In the 17th century, botanical gardens began their contribution to a deeper scientific curiosity about plants. If a botanical garden is defined by its scientific or academic connection, then the first true botanical gardens were established with the revival of learning that occurred in the European Renaissance. These were secular gardens attached to universities and medical schools, used as resources for teaching and research. The superintendents of these gardens were often professors of botany with international reputations, a factor that probably contributed to the creation of botany as an independent discipline rather than a descriptive adjunct to medicine.
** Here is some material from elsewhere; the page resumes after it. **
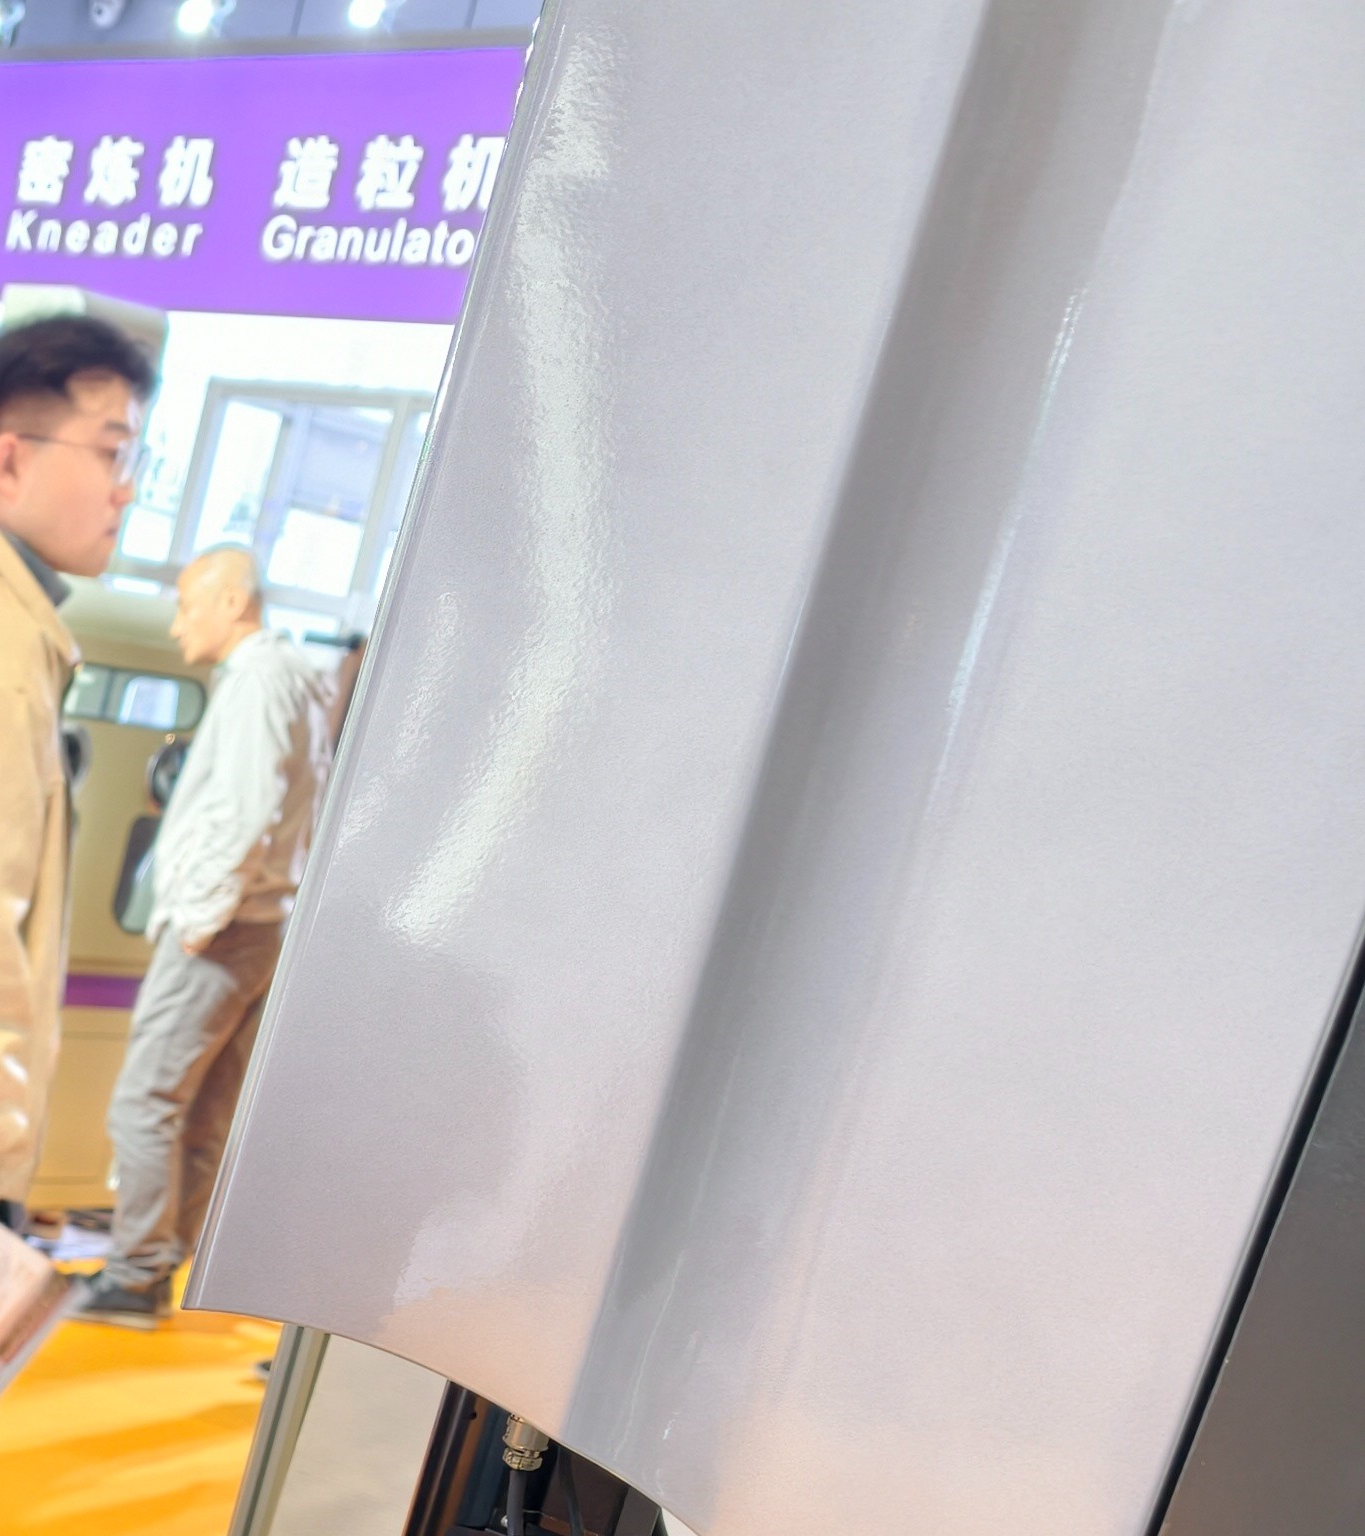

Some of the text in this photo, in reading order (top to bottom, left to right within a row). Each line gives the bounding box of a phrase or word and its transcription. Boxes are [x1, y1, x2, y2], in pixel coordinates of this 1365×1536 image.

[16, 133, 506, 211] 密炼机 造粒机
[4, 210, 203, 257] Kneader
==== Origins in the Italian Renaissance ====

The botanical gardens of Southern Europe were associated with university faculties of medicine and were founded in Italy at Orto botanico di Pisa (1544), Orto botanico di Padova (1545), Orto Botanico di Firenze (1545), Orto Botanico dell'Università di Pavia (1558) and Orto Botanico dell'Università di Bologna (1568). Here the physicians (known in English as apothecaries) delivered lectures on the Mediterranean "simples" or "officinals" that were being cultivated in the grounds. Student education was no doubt stimulated by the relatively recent advent of printing and the publication of the first herbals.

==== Northern Europe ====

The tradition of these Italian gardens spread across Europe, with early examples including:
- Leipzig Botanical Garden, Germany (1543)
- Botanical Garden of Valencia, Spain (1567)
- Hortus Botanicus Leiden, Netherlands (1590)
- Jardin des plantes de Montpellier, France (1593)
- University of Copenhagen Botanical Garden, Denmark (1600)
- University of Oxford Botanic Garden, England (1621)
- Jardin des Plantes, Paris (1635)
- Hortus Botanicus (Amsterdam), Netherlands (1638)
- Uppsala University, Sweden (1655)
- Chelsea Physic Garden, England (1673)
- Royal Botanic Garden Edinburgh, Scotland (1670)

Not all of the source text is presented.